What can we do about it?
Over the past few decades, the promise of a fully digital, paperless office bled into our vision for a highly efficient healthcare system. While most industries have found secure and effective methods to transmit, store, and manage highly sensitive data, healthcare seems to have stalled. Meanwhile, the cost of the administrative burden of healthcare has grown at a faster pace than most other healthcare-related costs. US healthcare is one of the most expensive, inefficient systems among industrialized nations. Interoperability represents one of the many puzzle pieces to improve that situation.
The promise of reducing the flow of unstructured documents in the healthcare system is enticing, but it’s a long road. Most of today’s energy focuses on data interoperability, pushing data cleanly and securely across systems. While that’s great for the massive systems that can afford the investment, most of the medical records landscape consists of smaller systems that will be required to partner with the larger organizations that only hope to replace them.
To prepare, healthcare technology leaders should do a few things:
- Learn more about human workflows in your organization - the pain caused by unstructured documents is spread throughout your organization. Because of this, there may not be a single department or initiative focused on improving the situation.

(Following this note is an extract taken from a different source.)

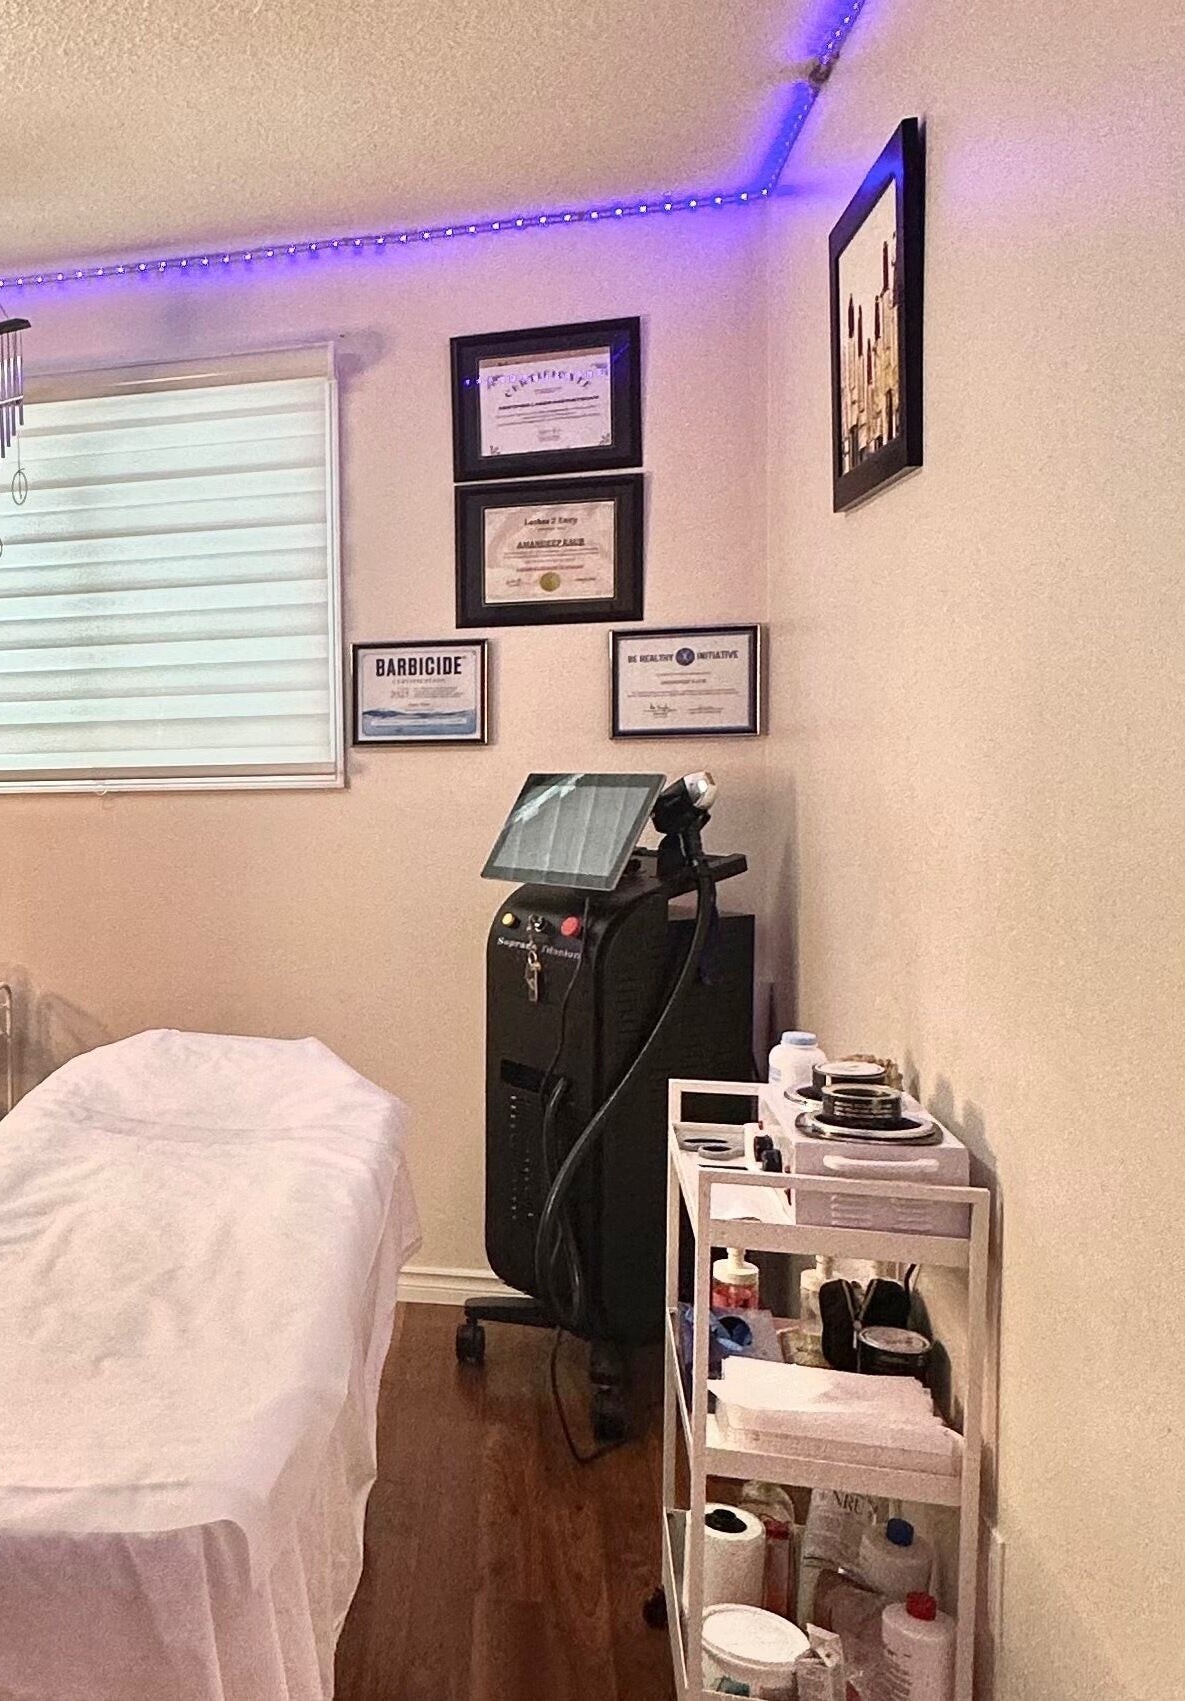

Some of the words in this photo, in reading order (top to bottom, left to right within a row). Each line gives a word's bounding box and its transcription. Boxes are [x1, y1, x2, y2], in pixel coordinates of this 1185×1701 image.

- Quantify the impact of administrative burdens - if it’s not measured, it is often ignored. Calculate how much better your population health outcomes will be if your doctors, nurses, pharmacists, therapists, and medical assistants didn’t have to wait for faxes and documents to be found, interpreted, and routed to their inboxes.
- Evaluate new technologies to automate repetitive human processes - Help your workers process documents faster: Ask, “how does this system help my employees classify/ extract/attach/inject unstructured data into our systems?
- Prioritize document interoperability efforts and technologies - EHR-to-EHR interoperability is only part of the solution when the majority of your incoming and outgoing medical information is in some form of unstructured document. Don’t forget systems that automate the interpretation and routing of healthcare documents into EHRs and practice management systems.
Don’t make it a goal to completely replace the human element for this process. Healthcare workers should be the last line of defense against error and privacy violations, but they don’t have to be the ONLY line of defense. We estimate that 75% of a healthcare worker’s daily effort shuffling documents can be eliminated - relying on them for what they’ve actually been trained to do - facilitate medical decisions.